People really appreciate freshly-baked bread. You pop a loaf in the oven before guests arrive and the smell wafting from your kitchen will make people feel as welcome as anything. I've been experimenting with sourdough recipes since I brought my first starter back from San Francisco about three years ago. I've had a very hard time finding a recipe for a nice rustic loaf, but this one is the best so far. This recipe is from the King Arthur flour website, and it worked pretty well--it yields a nice crust and a chewy center. The problem that I've had is with the rising. I don't know if its the climate or what, but I rarely ever get the nice air pockets that characterize a good sourdough. I also have a hard time getting the loaves to rise high when I made free-form loaves; my dough seems to expand lengthwise, but not rise up. This time I used additional yeast toward the end of the process, and formed a lip of aluminum foil around the dough to keep it from expanding outward. This experiment makes me think that I ought to search for some spring-form dough ring for my next loaf.

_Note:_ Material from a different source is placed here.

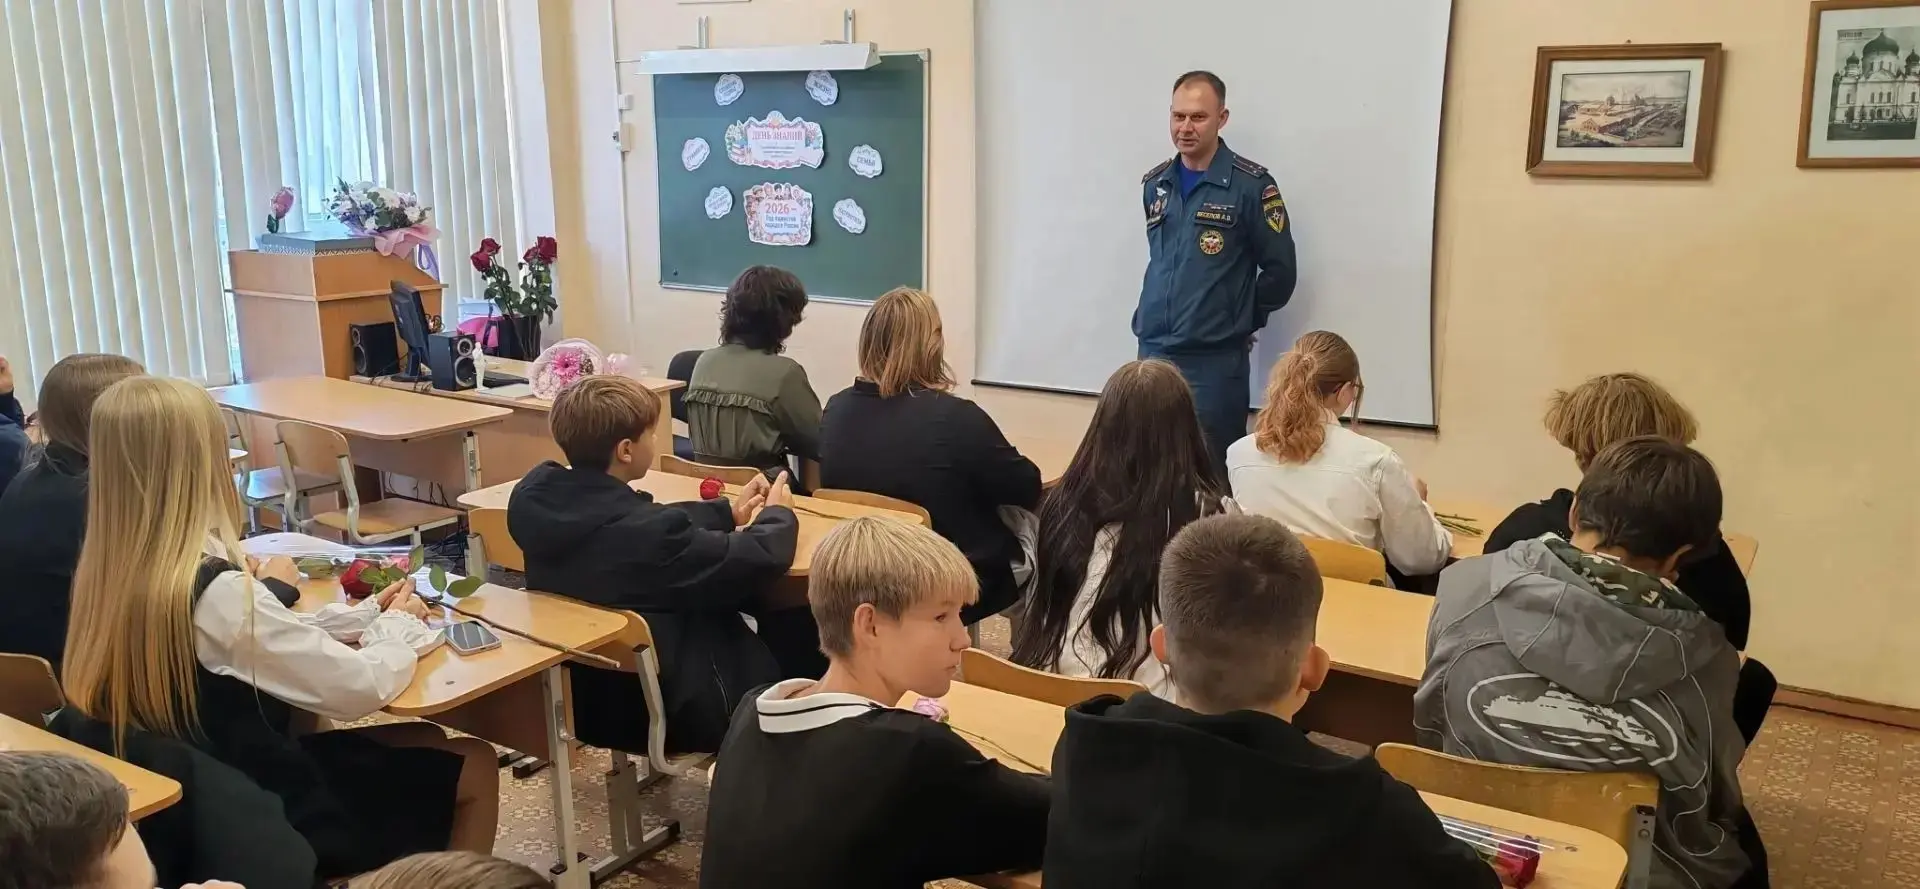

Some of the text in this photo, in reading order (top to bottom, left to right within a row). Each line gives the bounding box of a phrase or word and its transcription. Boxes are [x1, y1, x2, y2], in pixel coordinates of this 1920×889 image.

[752, 130, 803, 140] ДЕНЬ ЗНАНИЙ
[765, 202, 789, 214] 2026

I made two loaves in preparation for weekend guests. We served the freshly-baked loaves with a dinner of pan-seared venison, leeks, and sweet potatoes. The leftovers went well with pea soup for the next day's lunch, and toasted for tuna-salad sandwiches.
Rustic Supper Sourdough
1 cup "fed" sourdough starter
1 1/2 cups lukewarm water
2 teaspoons instant yeast
1 tablespoon sugar
2 1/2 teaspoons salt
5 cups flour
Combine all of the ingredients, kneading to form a smooth dough. Allow the dough to rise, in a covered bowl, until it's doubled in size, about 90 minutes. Gently divide the dough in half; it'll deflate somewhat. Shape the dough into two oval loaves--this is where I deviated from the recipe. I sprinkled a little bit of dried yeast and stretched it through the dough, folding it over and under itself until I had two smooth loaves. Place the loaves on a lightly greased baking sheet. Cover and let rise until very puffy, about 1 hour. Towards the end of the rising time, preheat the oven to 425°F. Spray the loaves with olive oil or lukewarm water. At this point, you can also do an egg wash to make the crust shiny. I didn't do that this time around. Make two fairly deep diagonal slashes in each. Bake the bread for 25 to 30 minutes, until it's a very deep golden brown. Remove it from the oven, and cool on a rack.